La consternación y la ira que despertó ayer en la derecha el envío al Supremo de las investigaciones sobre el ya famoso máster de Casado podían haberse evitado. ¿Cómo? Pues atendiendo a las reglas éticas y estéticas que deben regir en cualquier partido democrático, asumiendo que era imposible llevar a lo más alto de su dirección a una persona que cargaba con el lastre de un título universitario bajo sospecha. Pero en el PP, y eso es lo más perturbador de todo, se empeñaron en que aquello no tenía importancia, valiente tontería. Ayer, los más adeptos exhibían su rabia culpando a la jueza Carmen Rodríguez-Medel, a la que acusaron de «izquierdista» pese a haber sido hasta hace bien poco asesora del ministro Catalá e integrante de la conservadora Asociación Profesional de la Magistratura. Después se achacó la desgracia a las malas artes del presidente Sánchez, e incluso a una venganza... ¡de Soraya Sáenz de Santamaría! Qué cosas.

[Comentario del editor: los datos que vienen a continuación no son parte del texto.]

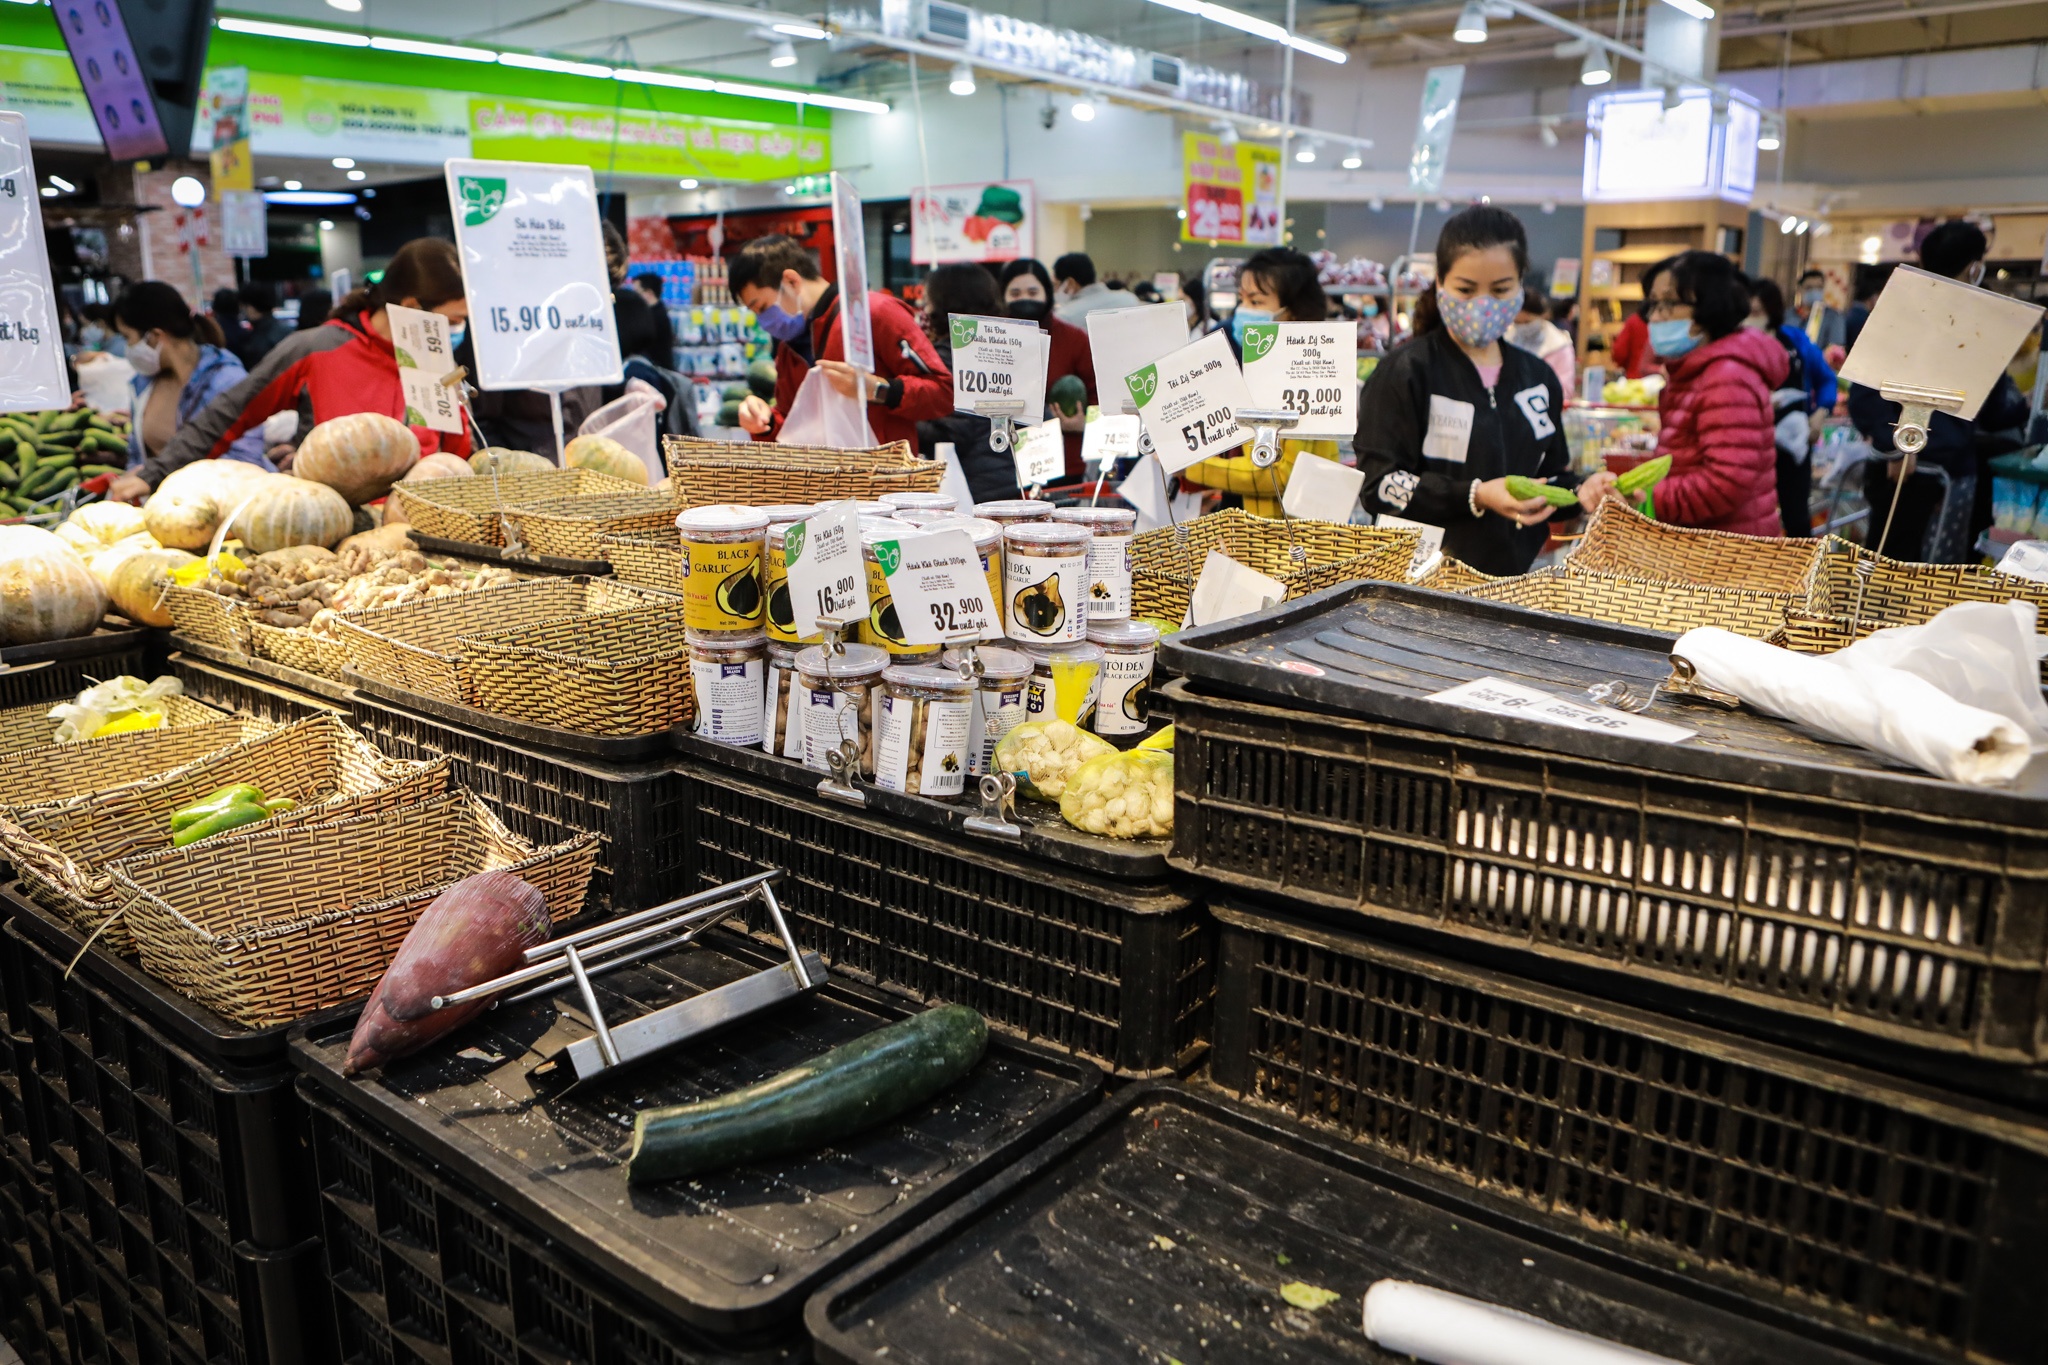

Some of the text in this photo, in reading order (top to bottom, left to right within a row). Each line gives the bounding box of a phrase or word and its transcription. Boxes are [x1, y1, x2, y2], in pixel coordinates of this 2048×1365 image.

[1286, 336, 1306, 345] Hành
[1302, 348, 1321, 359] 300g
[1311, 405, 1342, 417] vnđ/gói
[718, 549, 750, 560] BLACK
[694, 563, 732, 574] GARLIC
[1106, 659, 1145, 671] TỎI ĐEN
[1104, 672, 1143, 680] BLACK GARLIC

Desde que se supo lo del máster de Cifuentes y luego el caso se amplió al propio Casado y a otras personas relacionadas con el PP, a nadie con dos dedos de frentes se le ocultó que aquello era un tongo con todas las agravantes. No un simple inflado del currículum, sino un presunto (y evidente) delito de falsificación y cohecho en toda regla.

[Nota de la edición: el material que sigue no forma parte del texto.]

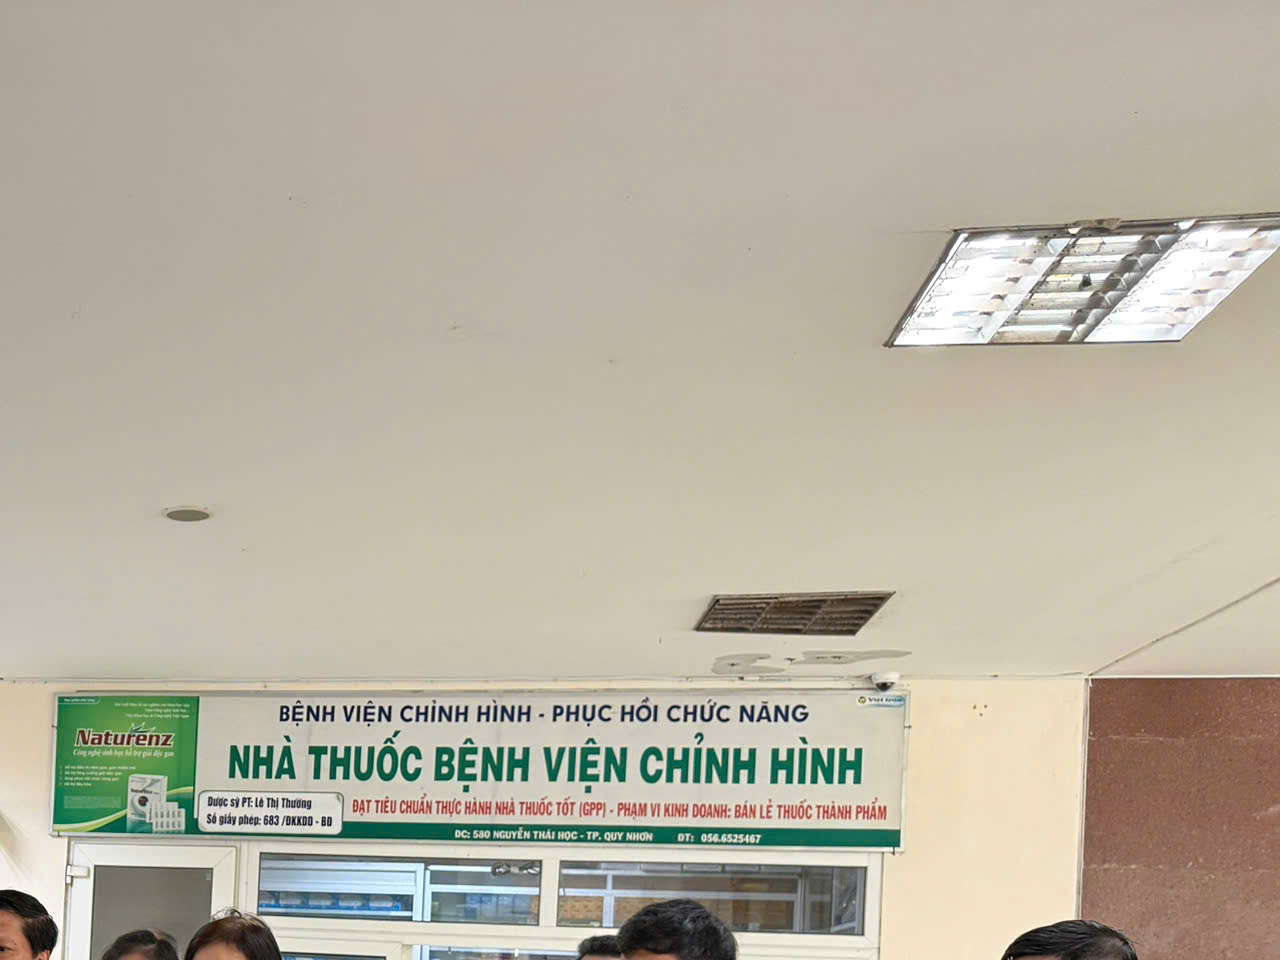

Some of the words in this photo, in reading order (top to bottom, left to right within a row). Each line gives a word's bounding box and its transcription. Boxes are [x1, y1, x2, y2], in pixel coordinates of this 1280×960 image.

[279, 700, 335, 726] BỆNH
[343, 700, 392, 726] VIỆN
[400, 699, 469, 723] CHỈNH
[477, 699, 532, 723] HÌNH
[552, 704, 612, 727] PHỤC
[621, 697, 658, 723] HỒI
[666, 699, 731, 723] CHỨC
[739, 701, 809, 723] NĂNG
[76, 729, 173, 746] Naturenz
[228, 735, 296, 779] NHÀ
[308, 730, 422, 782] THUỐC
[434, 738, 530, 793] BỆNH
[543, 737, 628, 794] VIỆN
[639, 732, 757, 784] CHỈNH
[770, 737, 863, 784] HÌNH
[208, 796, 228, 808] Dược
[241, 797, 253, 808] PT:
[266, 798, 279, 810] Thị
[352, 799, 371, 816] ĐẠT
[375, 796, 396, 814] TIÊU
[400, 793, 432, 814] CHUẨN
[435, 798, 462, 817] THỰC
[465, 797, 492, 815] HÀNH
[495, 797, 516, 816] NHÀ
[519, 796, 553, 816] THUỐC
[556, 796, 576, 816] TỐT
[579, 802, 606, 818] (GPP)
[617, 803, 647, 820] PHẠM
[650, 803, 660, 817] VI
[664, 804, 689, 818] KINH
[692, 804, 731, 818] DOANH:
[734, 800, 756, 819] BÁN
[777, 798, 812, 819] THUỐC
[816, 800, 851, 820] THÀNH
[856, 797, 888, 820] PHẨM
[206, 812, 217, 824] Số
[263, 815, 279, 826] 683
[473, 830, 491, 840] 580
[493, 827, 530, 840] NGUYỄN
[533, 829, 555, 840] THÁI
[558, 831, 578, 842] HỌC
[587, 832, 601, 841] TP.
[604, 832, 623, 842] QUY

Que, pese a todo, una mayoría de cuadros del PP eligiesen a Pablo Casado como presidente del partido y futuro candidato a dirigir el gobierno de España es insólito. Porque puede ser que el Tribunal Supremo se quite de encima el muerto archivándolo. Pero la duda razonable seguirá ahí. Y tampoco la despejarán aludiendo a supuestas irregularidades en la trayectoria académica de Pedro Sánchez y otros políticos (de lo cual no hay constancia alguna), o echando mierda sobre la Universidad española, en un ejercicio de burricie manifiesta y de absoluto desprecio a las cientos de miles de licenciados, graduados, másteres y doctores que se han ganado sus títulos con inteligencia y esfuerzo. Se llevaron a casa la bomba de efecto retardado. Y les ha estallado.